El miedo y la esperanza son emociones poderosas e inevitables. La fuerza que nos lleva a imaginar el futuro, y temer o desear lo que vendrá, es espontanea. Sin embargo, la historia nos ha enseñado a desconfiar de los gobiernos que inflaman esas dos pasiones. Si un Estado promueve el miedo o promete esperanzas salvíficas, podemos empezar a sospechar que algo va mal. Cuando las instituciones políticas se apoderan del tejido emocional del pueblo, los efectos suelen ser catastróficos: dictaduras brutales, Estados policiales, cazas de brujas y genocidios. Todos ellos se originan en el uso institucional del miedo. Por ello, tras muchos tropiezos, hemos aprendido que el miedo debe quedar fuera de la esfera política. No siempre fue así.

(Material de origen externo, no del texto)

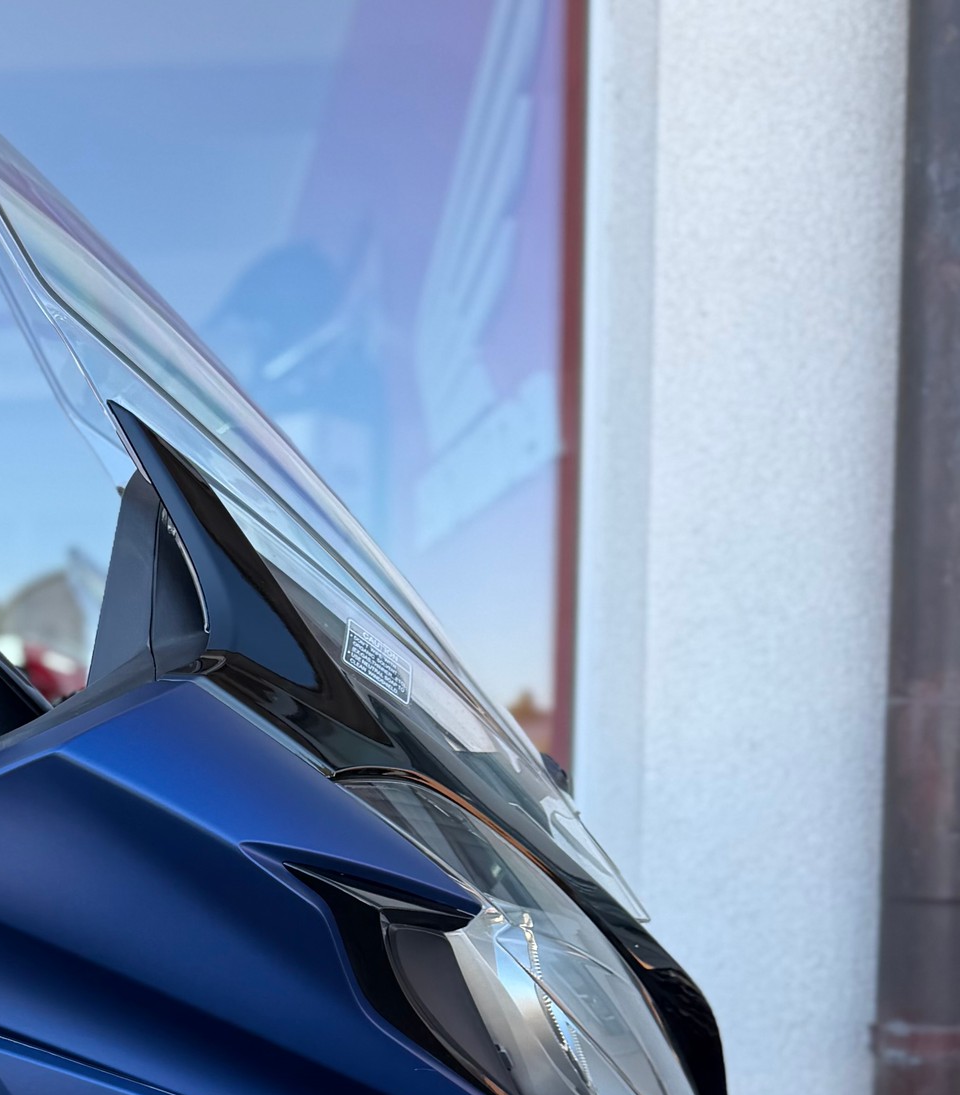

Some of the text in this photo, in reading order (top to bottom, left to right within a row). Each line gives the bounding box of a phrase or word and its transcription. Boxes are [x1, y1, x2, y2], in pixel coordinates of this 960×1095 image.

[352, 640, 374, 660] ORGANIC
[363, 632, 398, 662] CAUTION
[349, 656, 398, 694] CLEAN WINDSHIELD
[351, 650, 360, 662] USE
[362, 659, 384, 678] NEUTRAL
[384, 674, 396, 688] SOAP

Hablando de su nacimiento, Thomas Hobbes dijo: “el miedo y yo nacimos gemelos”. Según cuenta, su madre dio a luz de modo prematuro ante la noticia de la inminente llegada de la Armada Invencible. No se trata de una anécdota sin importancia. Con ello, el fundador de la teoría política moderna, estaba aludiendo a la importancia que tuvo esta emoción primaria en su sistema filosófico. La mayoría de los filósofos que han hablado sobre el miedo, le han asignado un papel negativo. Para Epicuro, por ejemplo, el miedo es el principal obstáculo para alcanzar la felicidad y para Spinoza, por poner otro ejemplo, el miedo, junto con la esperanza, constituyen las peores de nuestras pasiones porque disminuyen nuestra capacidad de actuar. Sin embargo, Hobbes le asigna al miedo un papel positivo y creador. Nada más y nada menos que el de ser el motor del origen de la civilización y de la vida sujeta a leyes. El miedo es, en su opinión, lo que mueve a los seres humanos a someterse a la autoridad de un Estado. En un hipotético “estado de naturaleza”, en el que no existiese el Estado, los seres humanos habitarían un mundo brutal y despiadado. En tal situación viviríamos a merced del violento capricho de los otros, en un estado de guerra permanente. El miedo y la inseguridad generados por esta “guerra de todos contra todos”, haría que nuestra vida fuese invivible. Por ello, los seres humanos tienden a ceder su libertad natural a un soberano que debe ser capaz de garantizar la seguridad de todos. ¿Cómo hará el soberano tal cosa? De nuevo, mediante el miedo. Éste impondría su “legítima” autoridad mediante el miedo al castigo. Con ello Hobbes convierte el miedo y la necesidad de seguridad en las piedras angulares de su planteamiento político. Es la fuerza que origina y da legitimidad al Estado, al tiempo que es el instrumento que permite mantener el orden social.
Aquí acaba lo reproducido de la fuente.